Archive

Quotes

Every man is surrounded by a neighborhood of voluntary spies.

—Jane Austen, 1818

Language is the house of being. In its home human beings dwell. Those who think and those who create with words are the guardians of this home.

—Martin Heidegger, 1949

Under all speech that is good for anything, there lies a silence that is better. Silence is deep as eternity; speech is shallow as time.

—Thomas Carlyle, 1838

God never sent a messenger save with the language of his folk, that he might make the message clear for them.

—The Qur’an, c. 620

Man is the one name belonging to every nation upon earth: there is one soul and many tongues, one spirit and various sounds; every country has its own speech, but the subjects of speech are common to all.

—Tertullian, c. 217

No one gossips about other people’s secret virtues.

—Bertrand Russell, 1961

Language ought to be the joint creation of poets and manual workers.

—George Orwell, 1944

The more the pleasures of the body fade away, the greater to me is the pleasure and charm of conversation.

—Plato, c. 375 BC

Slang is as old as speech and the congregating together of people in cities. It is the result of crowding and excitement and artificial life.

—John Camden Hotten, 1859

Do not the most moving moments of our lives find us all without words?

—Marcel Marceau, 1958

Speech is the mirror of the soul; as a man speaks, so is he.

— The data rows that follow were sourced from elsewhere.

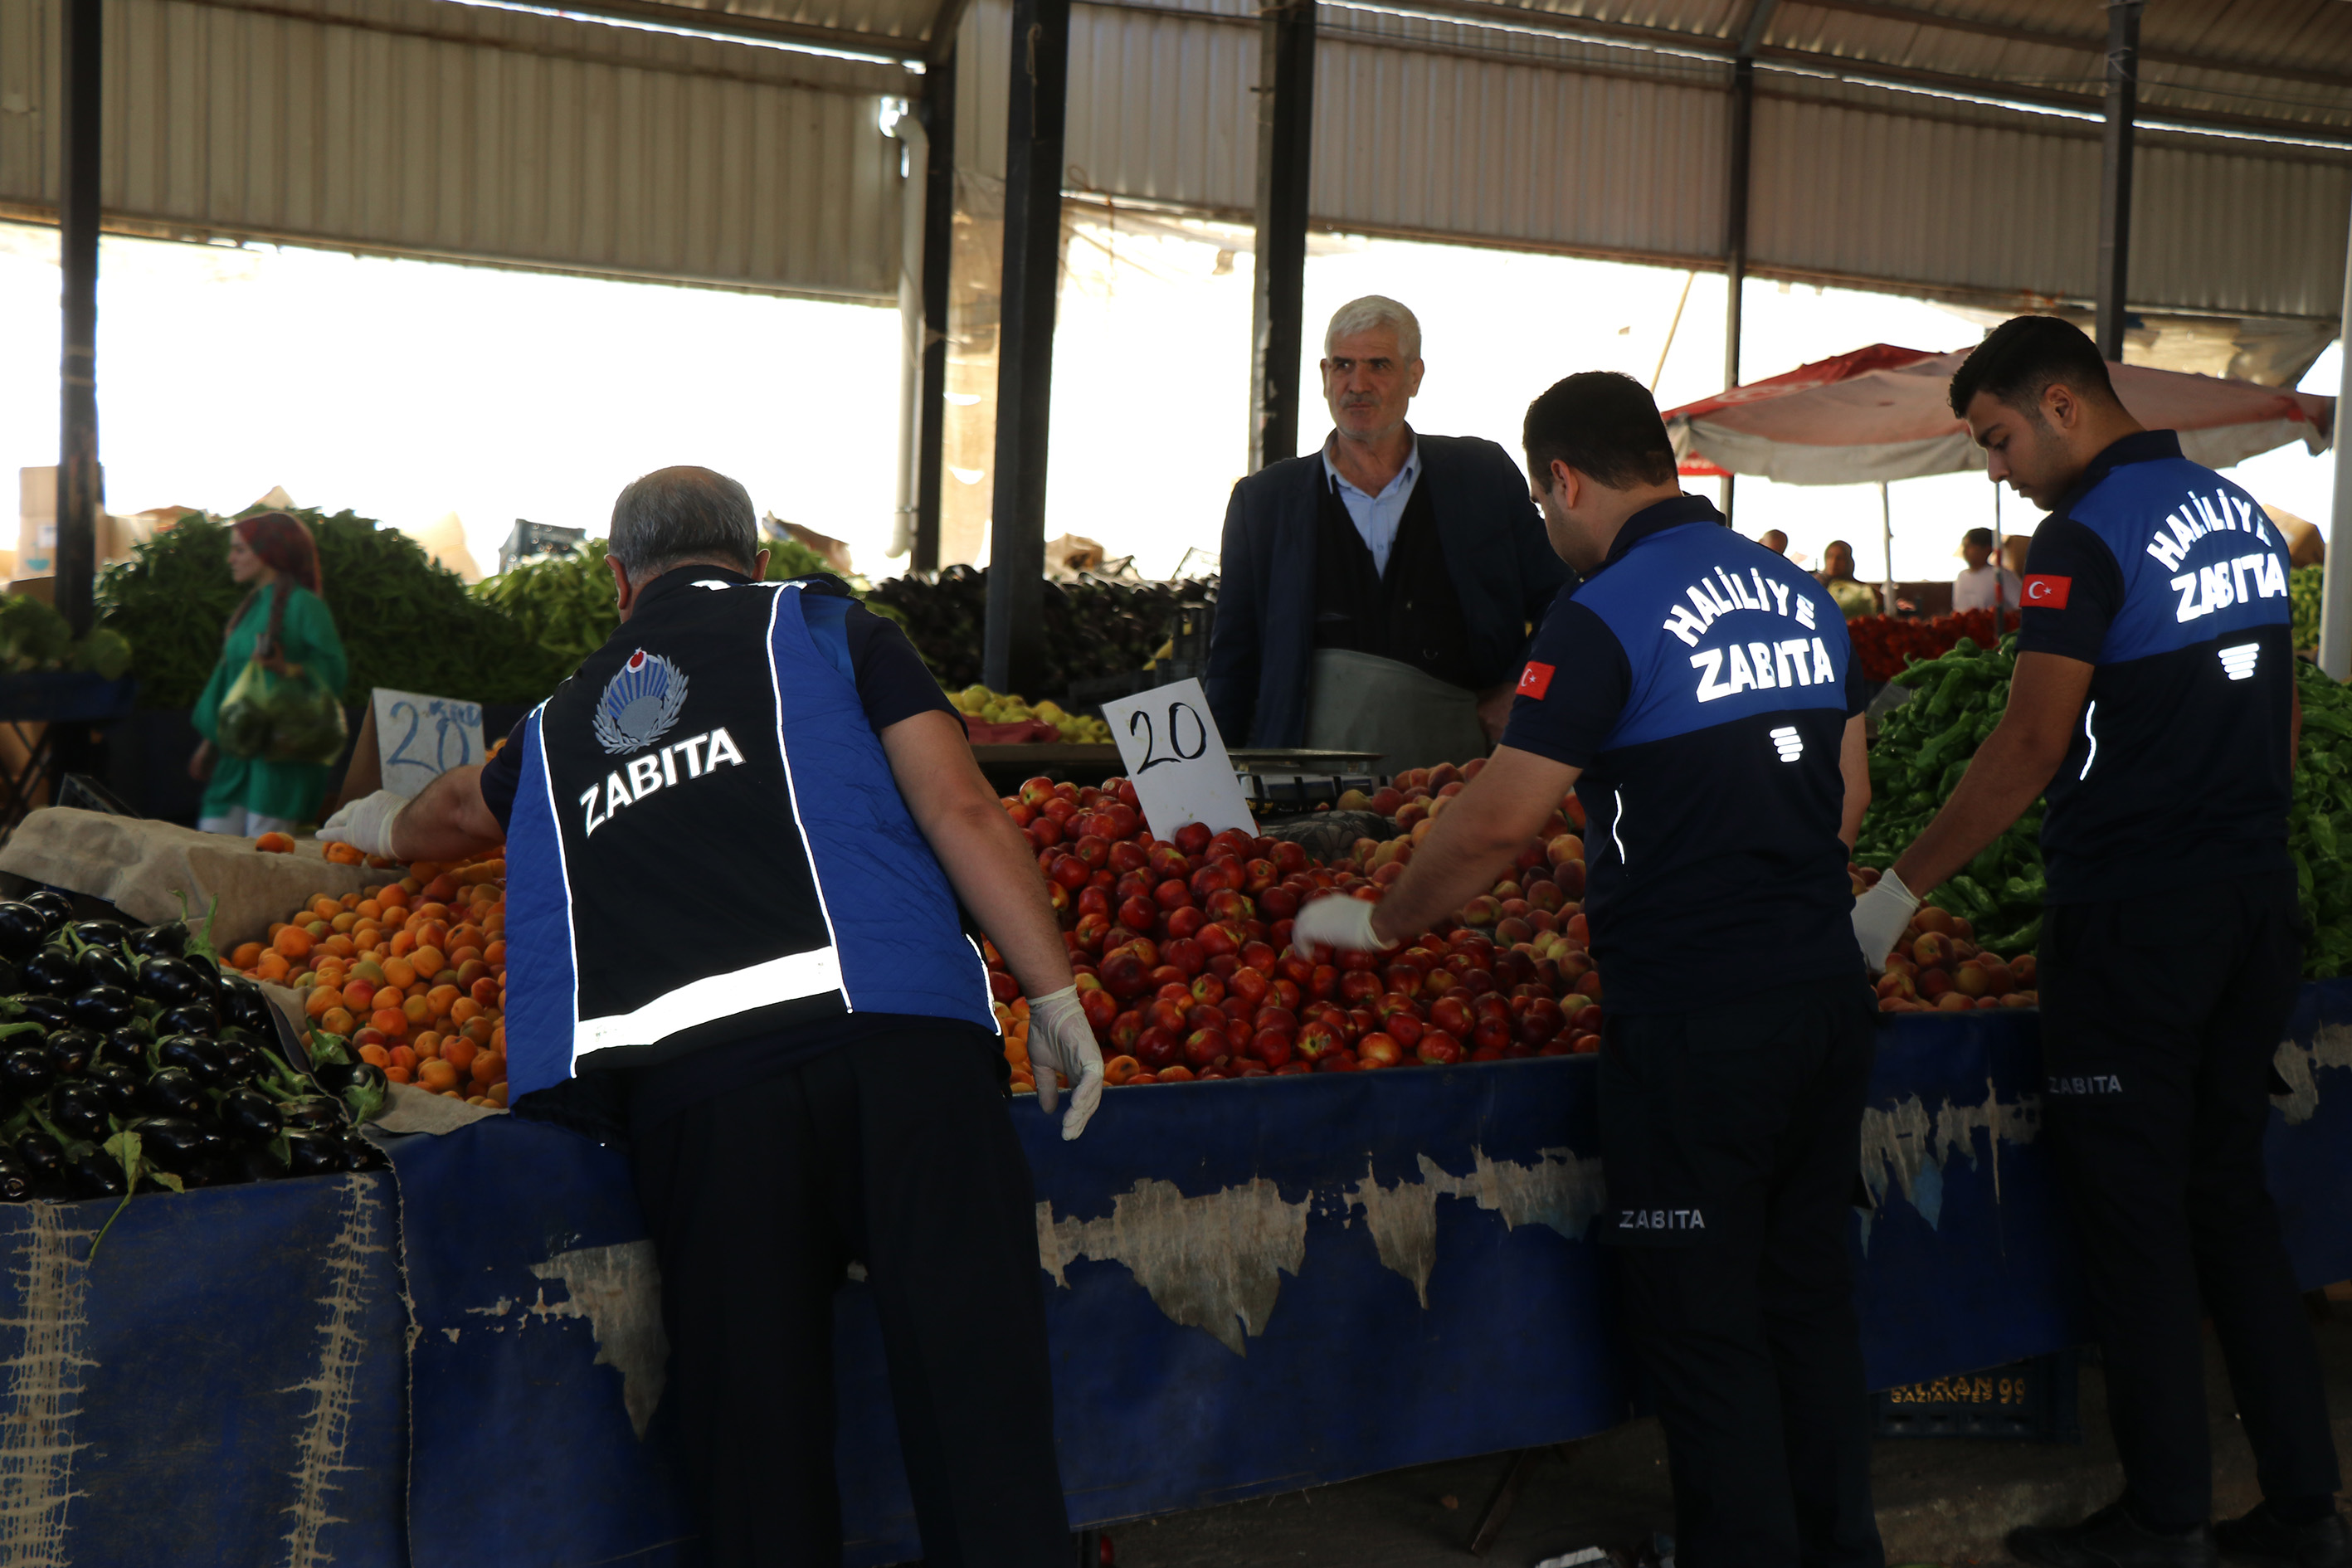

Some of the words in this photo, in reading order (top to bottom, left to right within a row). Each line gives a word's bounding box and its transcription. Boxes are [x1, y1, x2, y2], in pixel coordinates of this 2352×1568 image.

[1663, 566, 1816, 648] HALİLİYE
[2169, 553, 2288, 624] ZABITA
[1689, 636, 1835, 704] ZABITA
[386, 700, 470, 775] 20
[1130, 702, 1207, 775] 20
[579, 727, 747, 838] ZABITA
[2048, 1074, 2123, 1094] ZABITA
[1619, 1209, 1706, 1229] ZABITA
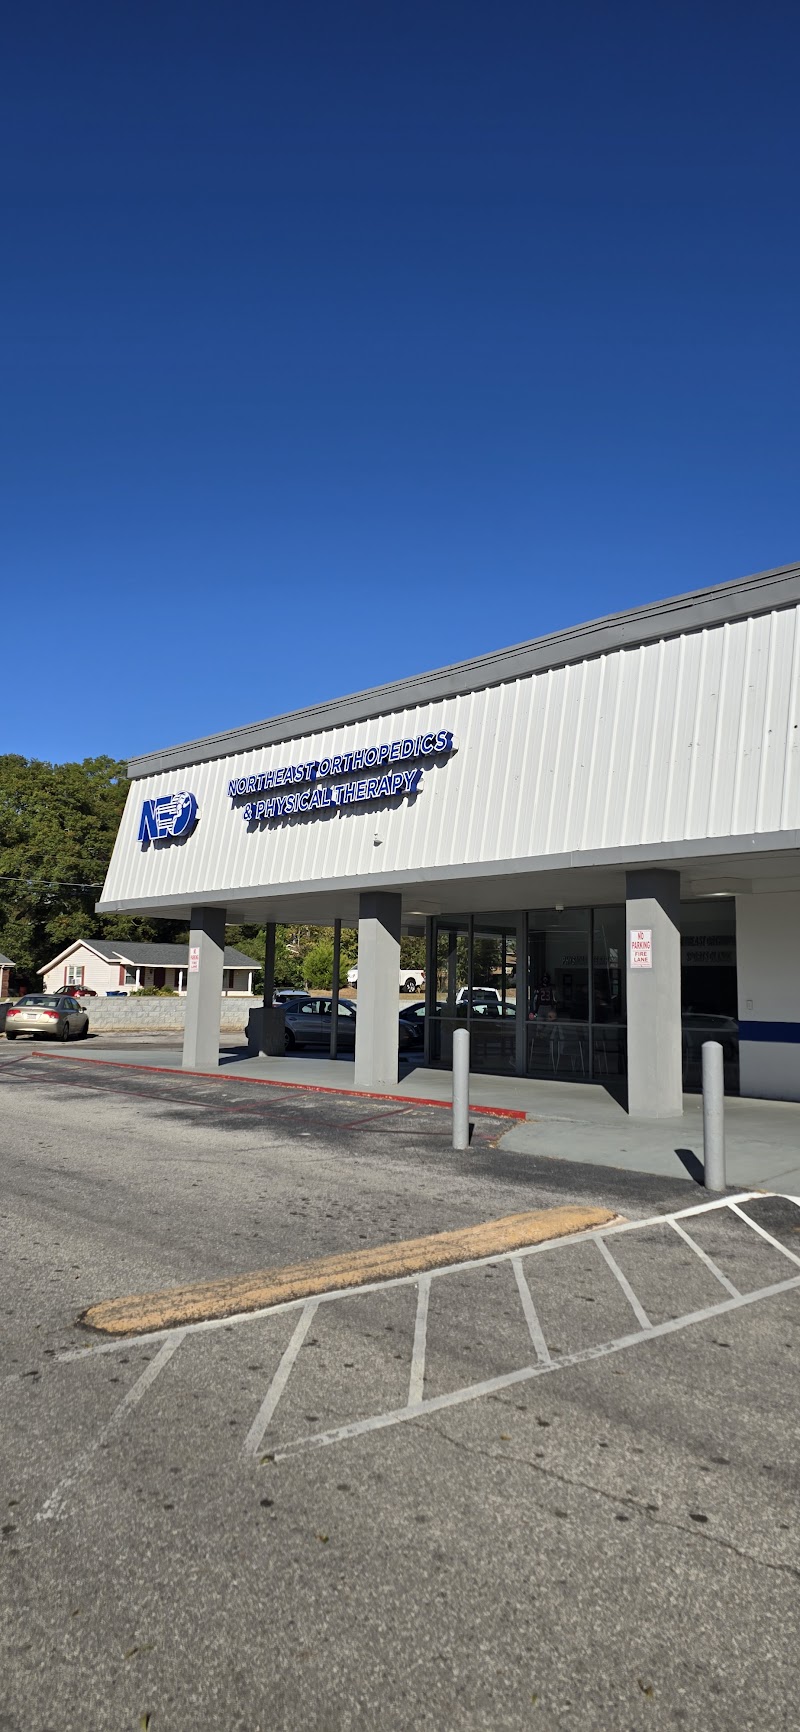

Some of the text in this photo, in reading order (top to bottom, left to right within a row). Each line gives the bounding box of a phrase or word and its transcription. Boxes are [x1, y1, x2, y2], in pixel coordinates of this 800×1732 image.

—Publilius Syrus, c. 50 BC

Methinks the human method of expression by sound of tongue is very elementary and ought to be substituted for some ingenious invention which should be able to give vent to at least six coherent sentences at once.

—Virginia Woolf, 1899

Every man has a right to utter what he thinks truth, and every other man has a right to knock him down for it. Martyrdom is the test.